WHAT NEEDS TO BE DONE:
Using only the entries below, copy exactly the lines that begin at the one with "this 1600×1200 image." and end at the one with "this 1500×1000 image.", both included. Drop the pictures.

Data records

★ ★ ★

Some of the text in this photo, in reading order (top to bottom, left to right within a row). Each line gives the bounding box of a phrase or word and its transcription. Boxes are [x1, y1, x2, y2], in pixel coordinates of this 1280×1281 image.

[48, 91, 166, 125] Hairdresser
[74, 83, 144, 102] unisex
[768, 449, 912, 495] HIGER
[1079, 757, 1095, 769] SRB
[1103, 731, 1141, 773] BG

★ ★ ★

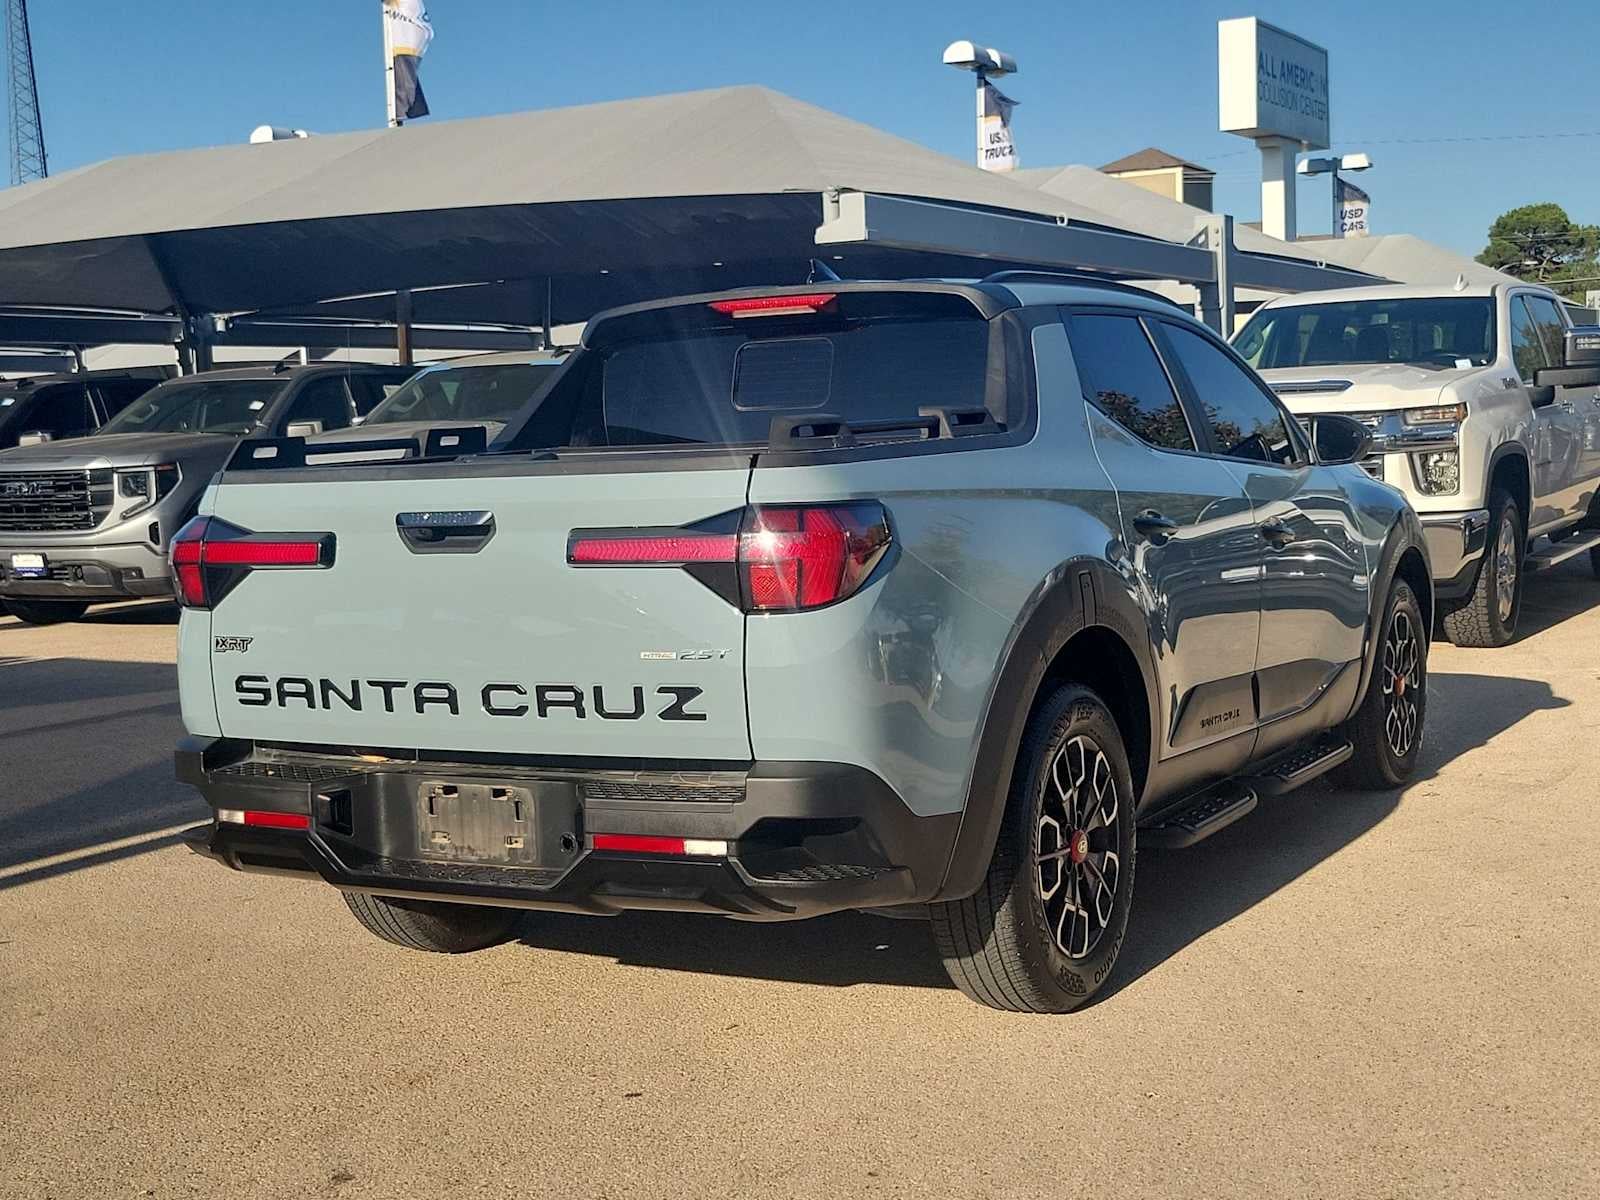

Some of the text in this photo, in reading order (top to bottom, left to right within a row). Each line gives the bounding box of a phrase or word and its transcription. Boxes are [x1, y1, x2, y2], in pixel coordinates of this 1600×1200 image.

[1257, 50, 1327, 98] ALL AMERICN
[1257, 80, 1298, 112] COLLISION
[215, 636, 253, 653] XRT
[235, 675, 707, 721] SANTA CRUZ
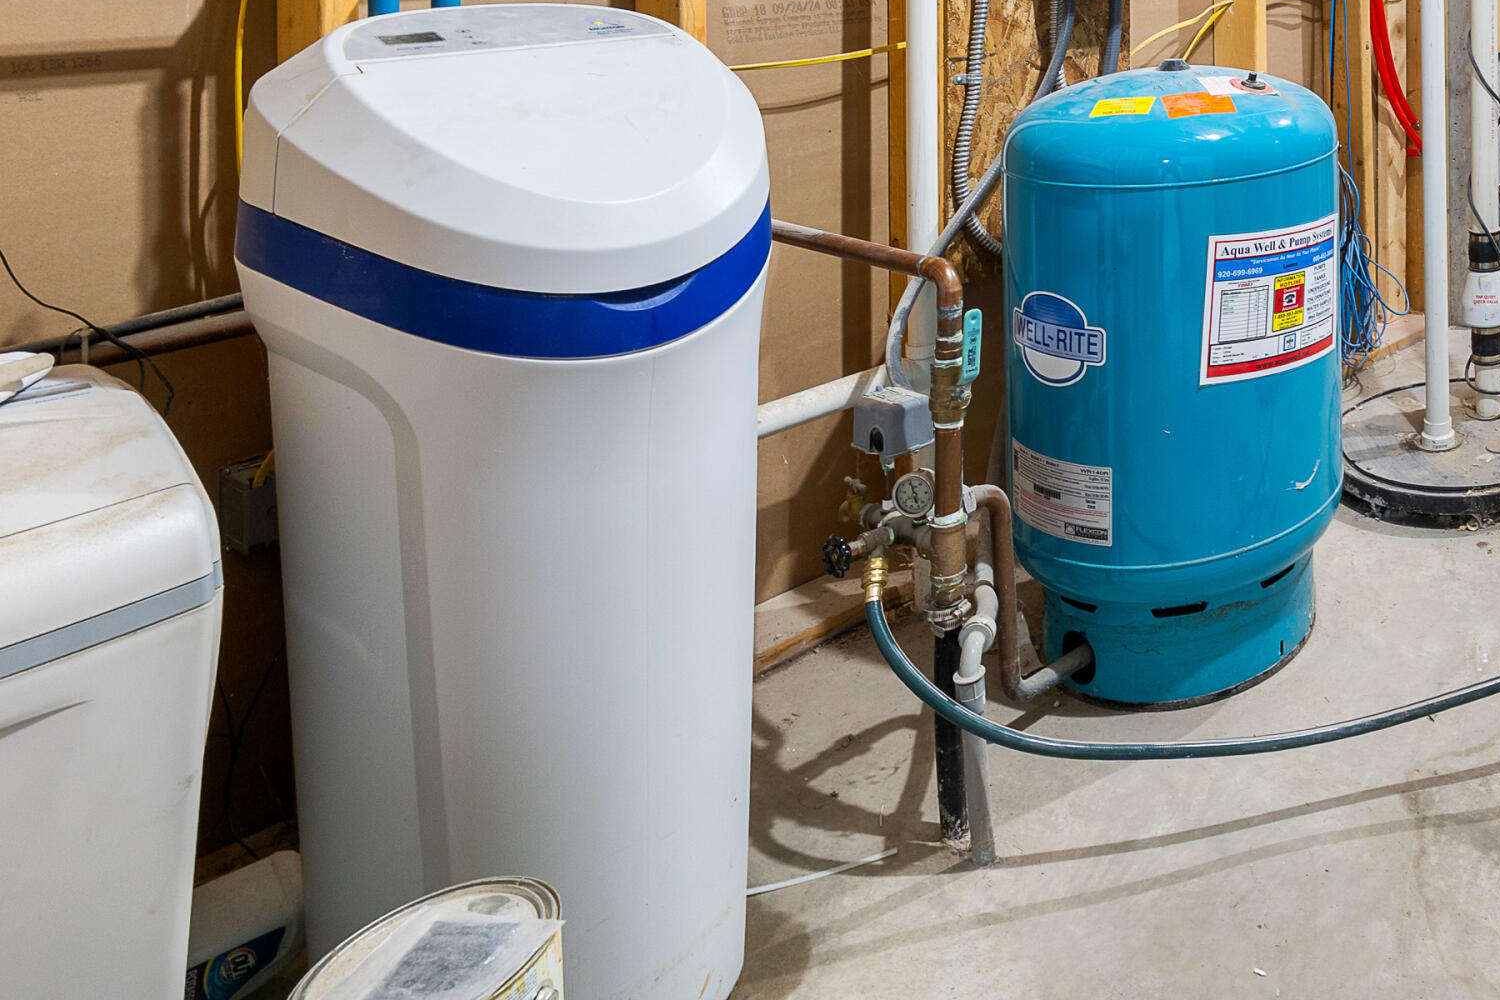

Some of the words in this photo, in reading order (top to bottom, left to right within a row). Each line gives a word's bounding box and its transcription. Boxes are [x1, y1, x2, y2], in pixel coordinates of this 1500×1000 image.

★ ★ ★

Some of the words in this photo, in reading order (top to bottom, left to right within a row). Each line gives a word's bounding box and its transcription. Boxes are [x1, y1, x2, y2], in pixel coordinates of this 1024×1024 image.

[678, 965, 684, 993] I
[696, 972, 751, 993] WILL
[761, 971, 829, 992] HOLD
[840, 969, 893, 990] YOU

★ ★ ★

RESPONSE BELOW:
Some of the text in this photo, in reading order (top to bottom, left to right within a row). Each line gives the bounding box of a phrase or word and its transcription. Boxes are [x1, y1, x2, y2], in pixel coordinates of this 1600×1200 image.

[1257, 50, 1327, 98] ALL AMERICN
[1257, 80, 1298, 112] COLLISION
[215, 636, 253, 653] XRT
[235, 675, 707, 721] SANTA CRUZ

Some of the words in this photo, in reading order (top to bottom, left to right within a row). Each line gives a word's bounding box and its transcription. Boxes are [x1, y1, x2, y2], in pixel coordinates of this 1500×1000 image.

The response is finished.